Typhoid Fever Vaccination – What do you need to know?

By | Last Updated: 22nd June 2019 | This post may contain Affiliate Links

It’s important to get the Typhoid Fever Vaccination if you’re travelling to regions of the world where typhoid is common.

Typhoid can be found all across the world, however it’s much ‘rarer’ in developed nations such as Britain. It tends to be regions with poor sanitation and hygiene. For most cases of Typhoid in the UK, it’s related to people visiting countries such as Pakistan, Bangladesh and India.

If you’re travelling to the developing world, a typhoid vaccination is recommended. Did you know, a typhoid vaccine prevents around 30% to 70% of cases during the first two years?

Some medical research has even suggested that the vaccine may prevent infection for up to seven yeas, however this hasn’t conclusively been proven. Each year there’s around 12 million new cases worldwide of typhoid, with the disease most common in India.


What is Typhoid Fever?

Typhoid Fever can be simply known as ‘typhoid’, it’s a bacterial infection, which can cause many symptoms. These symptoms tend to ‘develop’ within around six to thirty days after the initial exposure. The symptoms can range from mild to severe.

Typical typhoid symptoms include constipation, a high fever, abdominal pain, headaches and weakness. It’s not uncommon for some people to also develop skin rashes with rose coloured spots.

Generally typhoid is the cause of poor sanitation and poor hygiene. It’s typically spread by drinking water or eating food, which has been contaminated with the faeces of an infected individual. It usually only affects humans and tends to be worse in developing countries.

If typhoid fever is left ‘untreated’ serious complications can occur. These can include intestinal haemorrhage due to bleeding, respiratory diseases such as bronchitis and pneumonia. It can also cause severe dehydration and intestinal perforation.

Typically the general advice to avoid typhoid for people travelling abroad is to:

• Only drink bottled water from a sealed bottle

• Avoid drinking water from a tap

• Avoid ice cream

• Avoid uncooked vegetables and fruit, unless you’ve prepared them yourself (this include washing them in safe water and peeling them yourself)

• Avoid seafood, salads and shellfish

• Always wash your hands on a regular basis in clean water


Types of Typhoid Vaccines

In the United Kingdom, there are two different types of vaccines currently available. These are:

Vi Vaccine – This is given as a single injection and conducted at a GP surgery or healthcare centre.

Ty21a Vaccine – This is given as three capsules, which are taken on alternative days.

Generally the Vi vaccine is more effective than the Ty21a vaccine, however some people opt for the Ty21a vaccination, as it doesn’t require an injection.
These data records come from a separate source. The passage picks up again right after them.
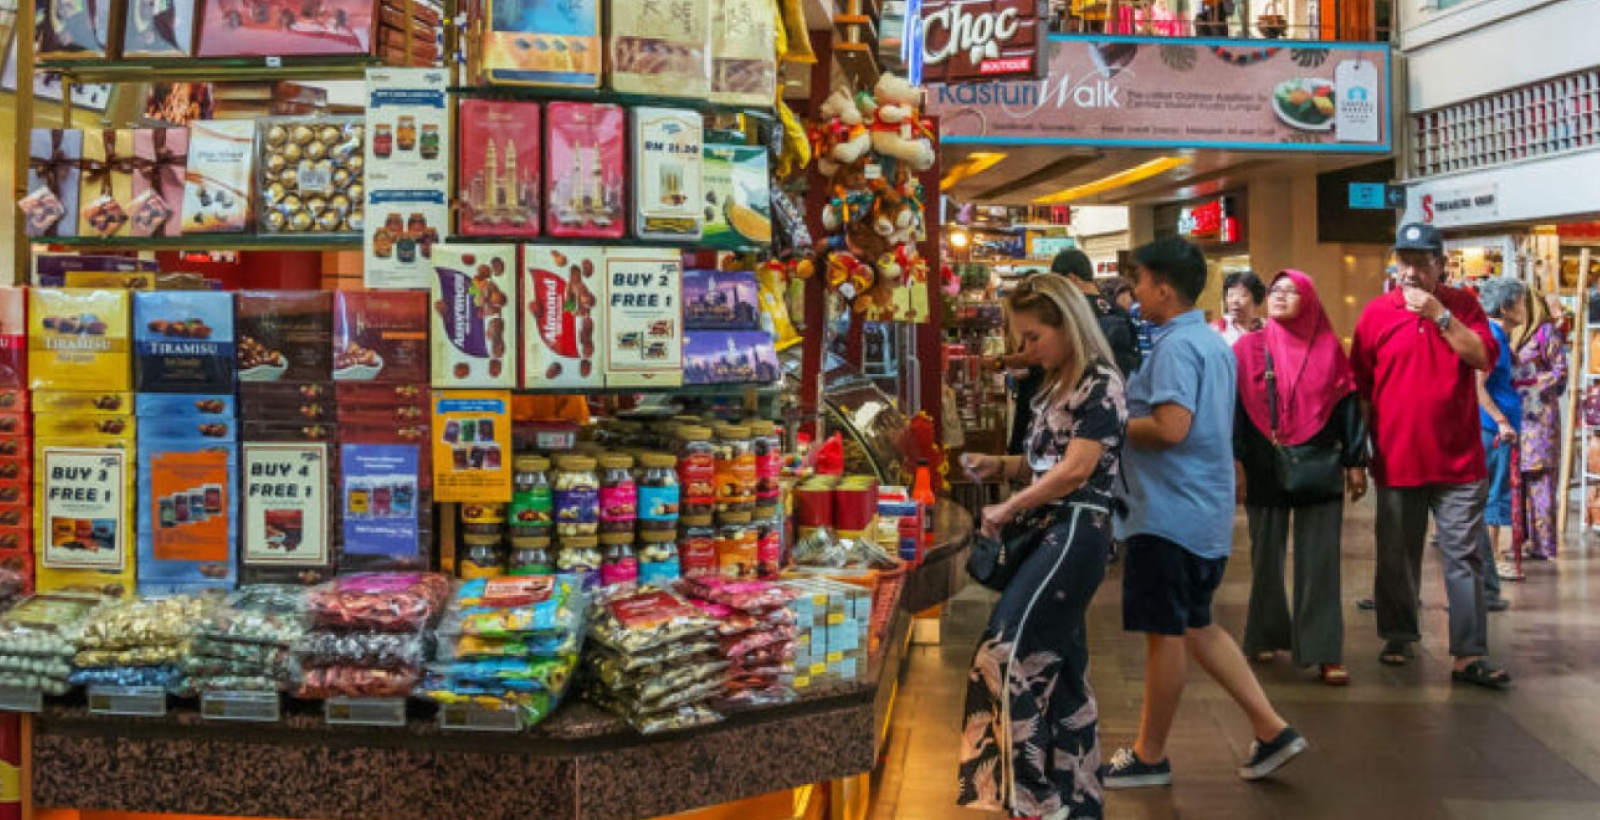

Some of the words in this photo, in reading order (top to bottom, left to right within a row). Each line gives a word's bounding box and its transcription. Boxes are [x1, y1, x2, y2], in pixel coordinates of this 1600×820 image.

[922, 4, 1018, 64] Choc
[981, 59, 1030, 72] BOUTIQUE
[612, 272, 653, 287] BUY
[658, 275, 669, 287] 2
[610, 293, 658, 308] FREE
[666, 295, 672, 308] 1
[543, 278, 556, 345] Almond
[150, 342, 218, 355] TIRAMISU
[51, 466, 92, 481] BUY
[251, 462, 291, 477] BUY
[298, 465, 309, 477] 4
[49, 487, 98, 502] FREE
[104, 490, 111, 503] 1
[249, 482, 299, 498] FREE
[305, 485, 312, 498] 1
So how does each vaccine work?

Vi Vaccine – This works by ‘stimulating’ the body to create antibodies that prevent a person getting ill.

Ty21a Vaccine – This contains a live sample of Salmonella typhi bacteria, this type of vaccination generally tends not to be suitable for people with HIV, receiving cancer treatment or have a weakened immune system. Equally it usually isn’t recommended for children under six.
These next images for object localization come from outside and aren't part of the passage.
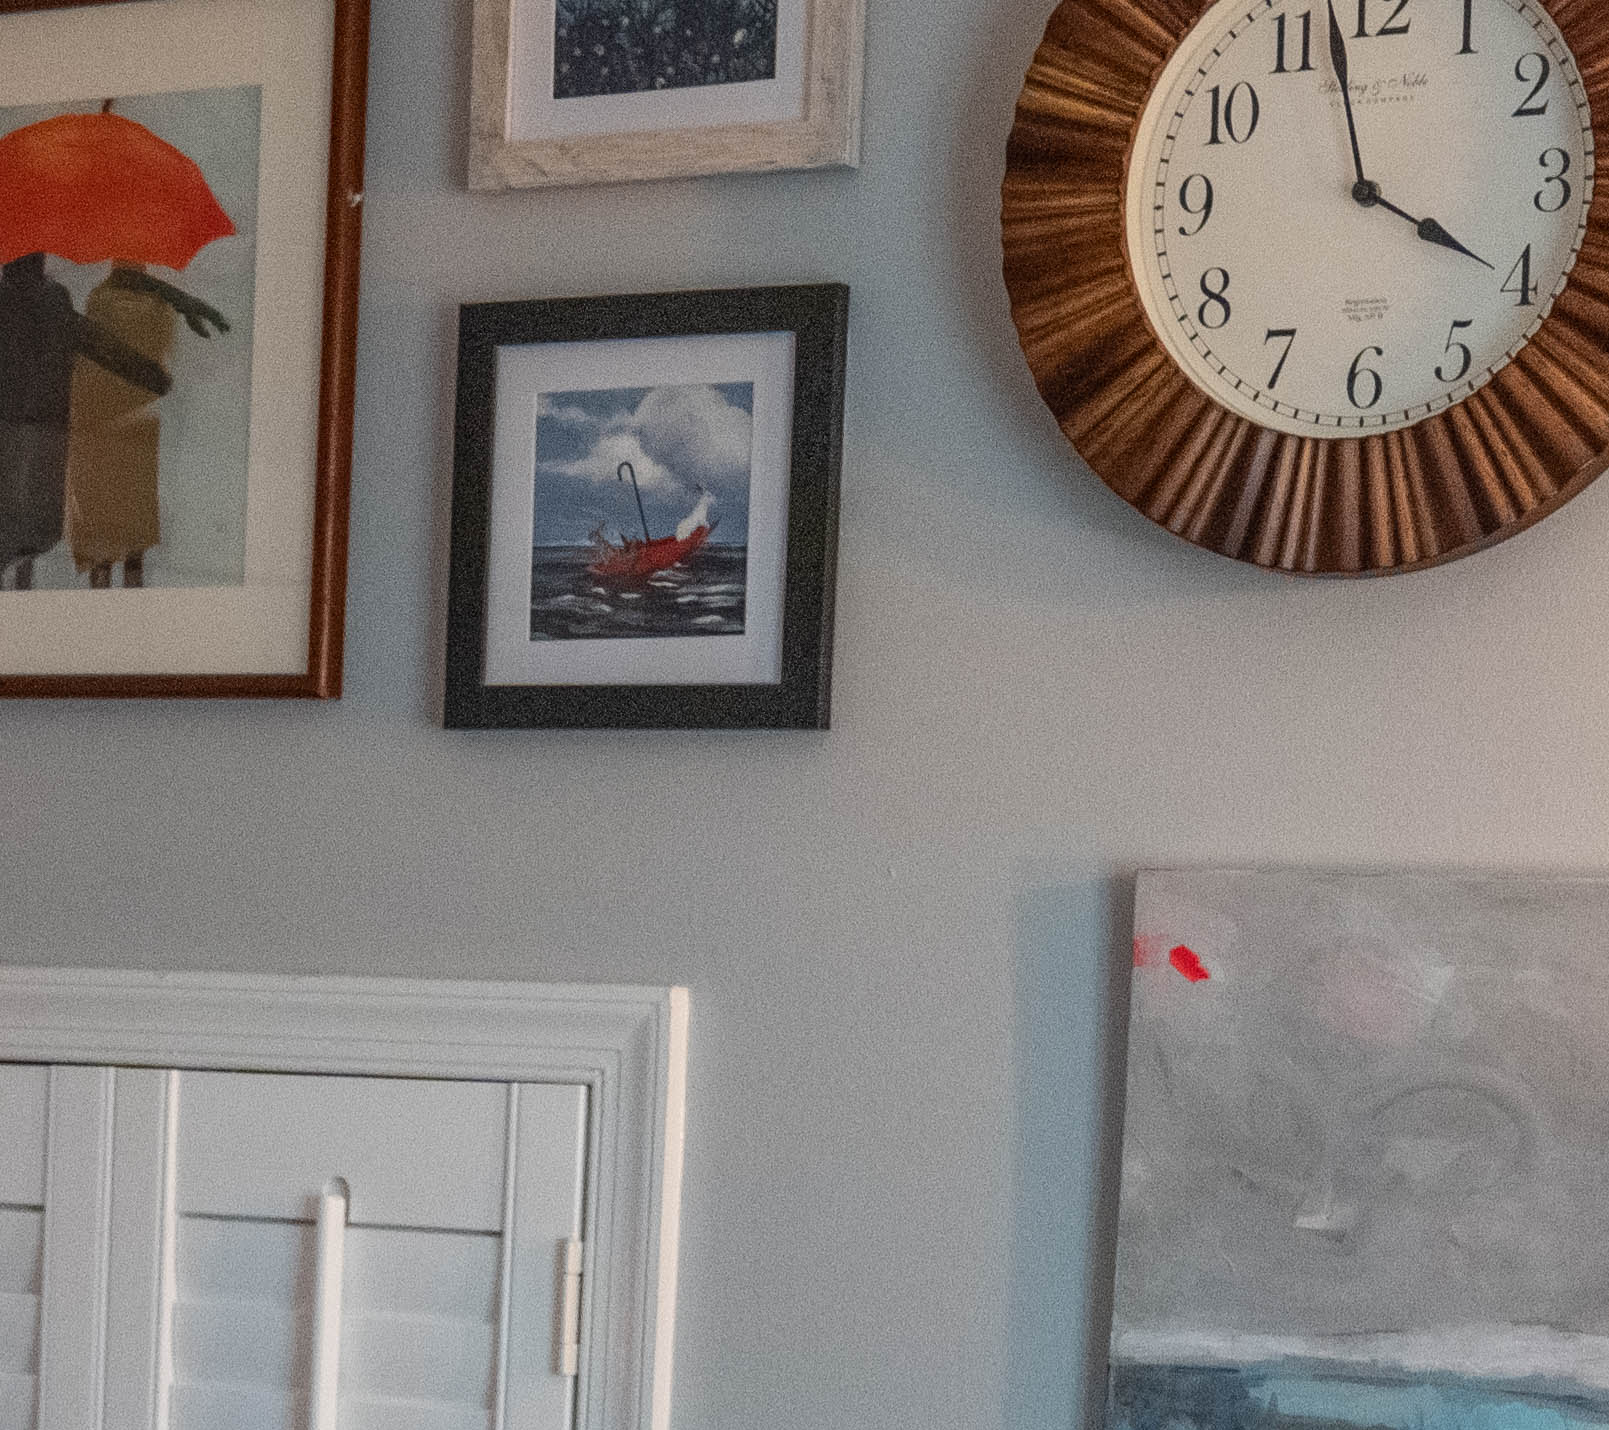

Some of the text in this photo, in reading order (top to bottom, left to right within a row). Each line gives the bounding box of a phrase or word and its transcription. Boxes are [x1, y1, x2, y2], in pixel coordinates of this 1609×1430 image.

[1269, 10, 1316, 74] 11
[1455, 0, 1478, 55] 1
[1203, 81, 1260, 146] 10
[1512, 52, 1550, 117] 2
[1178, 173, 1213, 236] 9
[1533, 147, 1572, 213] 3
[1198, 267, 1230, 329] 8
[1500, 243, 1537, 306] 4
[1263, 328, 1296, 390] 7
[1346, 346, 1383, 409] 6
[1434, 319, 1473, 383] 5
It’s important to remember that not all vaccinations are 100% effective; if you have any concerns you should talk to your GP before you decide which vaccination is right for you.
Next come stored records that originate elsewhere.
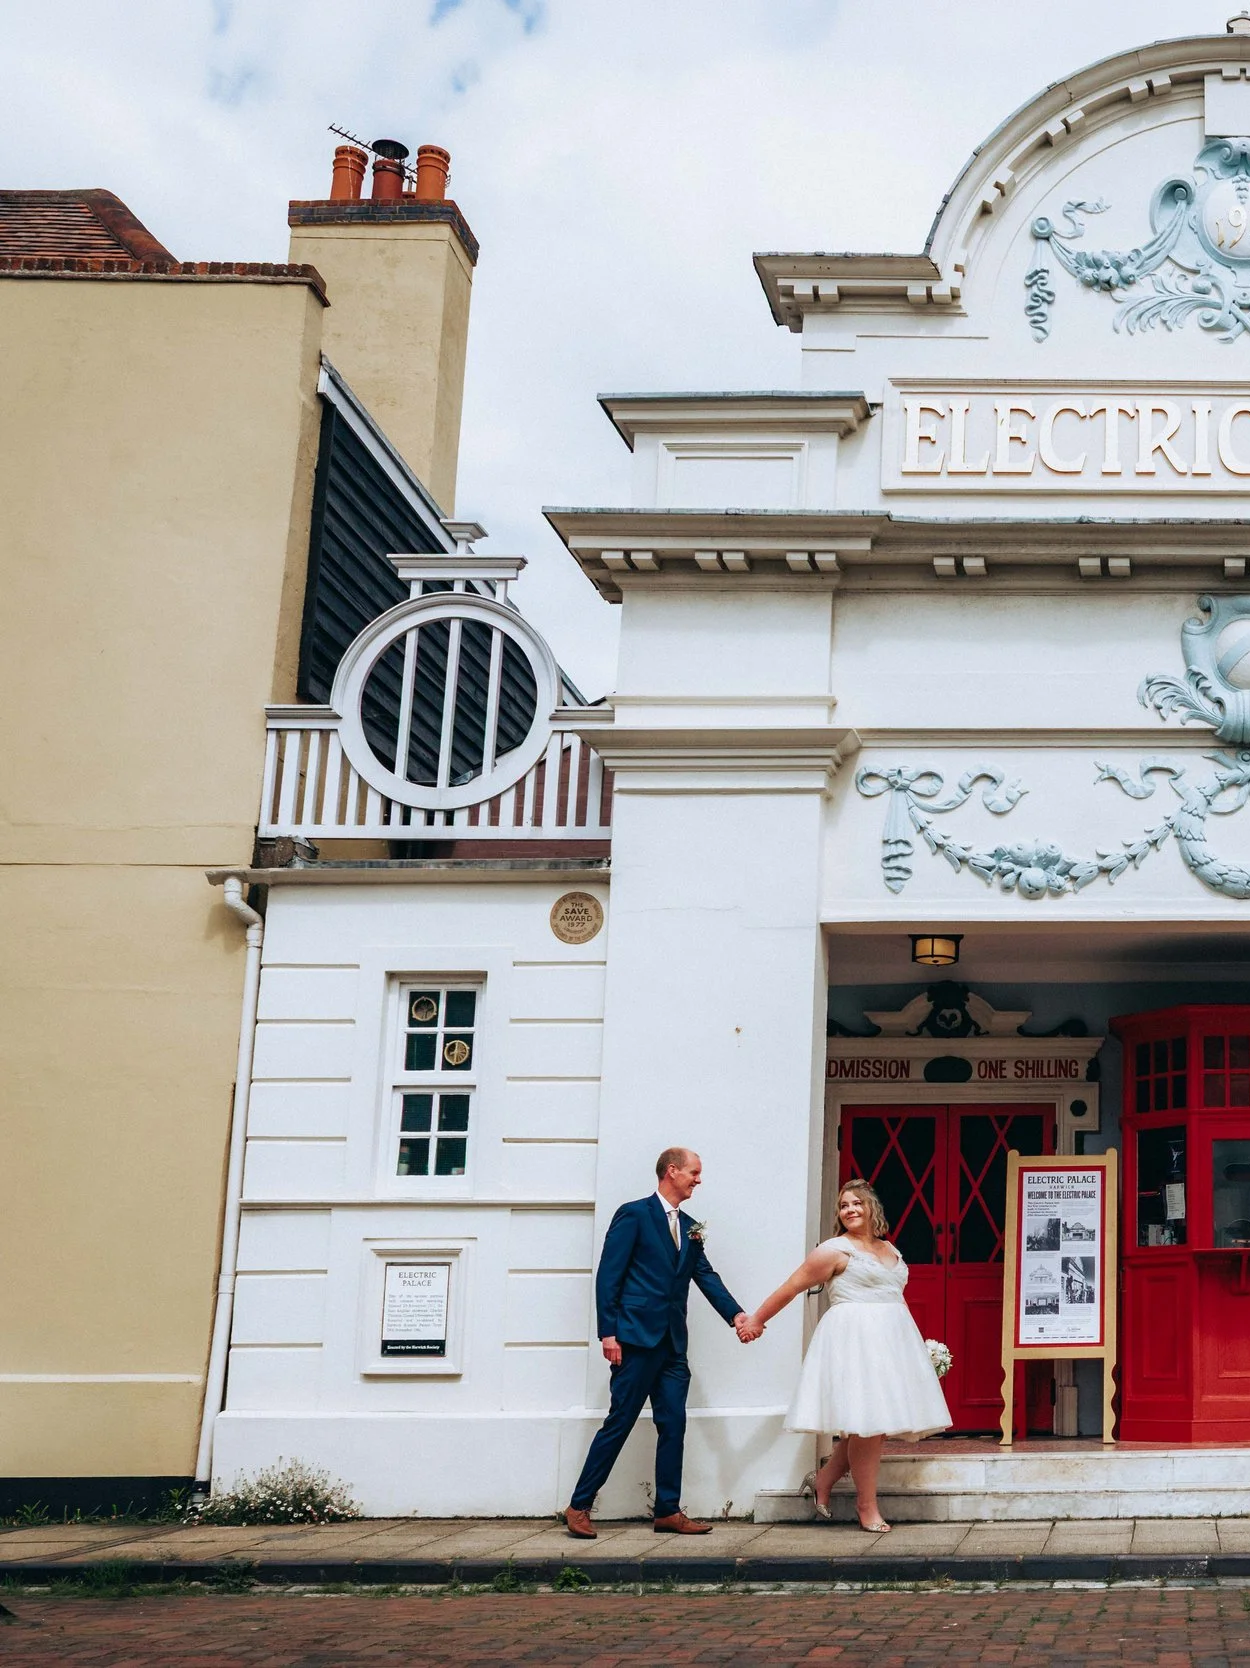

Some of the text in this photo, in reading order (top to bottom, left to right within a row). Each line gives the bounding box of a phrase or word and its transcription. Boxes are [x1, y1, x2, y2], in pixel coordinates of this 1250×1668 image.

[825, 1059, 1079, 1079] DMISSION ONE SHILLING
[1027, 1175, 1096, 1184] ELECTRIC PALACE
[1027, 1191, 1047, 1199] WELCOME
[1048, 1191, 1053, 1199] TO
[1062, 1190, 1081, 1199] ELECTRIC
[1081, 1190, 1096, 1199] PALACE
Remember that after you’ve had your typhoid vaccine, you will need ‘boosters’ around every three years if you’re continually at risk of developing the infection.

Typhoid Vaccines

How much is the Typhoid Fever Vaccine?

In most cases it’s free on the NHS, however this can vary depending on the NHS trust and the country you’re in.

For example it may be free in England, but not in Wales, Scotland or Northern Ireland. Equally it might be free in Wales, Scotland and Northern Ireland, but not in England.

Please speak to your local doctor or NHS trust to confirm if the vaccination is free or not. If it’s not free, the cost is usually around £30.

You don’t only have to use an NHS or GP to get the vaccine. If you have a private medical plan, your health insurance may cover the cost of the vaccination as standard.


Side Effects of Typhoid Vaccination

As with all vaccination, sometimes there can be side effects. Generally the typhoid fever vaccine has temporary side effects such as swelling, redness and soreness at the injection site.

However around 1 in every 100 people may experience a high temperature of 38C (100.4F) or above.

More ‘severe’ side effects can include:

• Diarrhoea
• Nausea
• Headaches
• Abdominal Pain

Remember…. If you experience side effects which do not seem to improve, call your Doctor’s practice, NHS 111 or 999 in the event of an emergency.

Areas with a High Risk of Typhoid

Typically ‘high-risk’ areas of Typhoid include:

• Africa
• Europe
• Indian Subcontinent
• Middle East
• South and South Asia
• South America
• Central America

For more information about which countries are affected, please contact the UK Foreign office, your travel agent or the countries embassy for more information and advice.

Please remember this page is a “general guide only”, it’s not official medical advice. It’s always recommended to get professional guidance and diagnosis from your GP.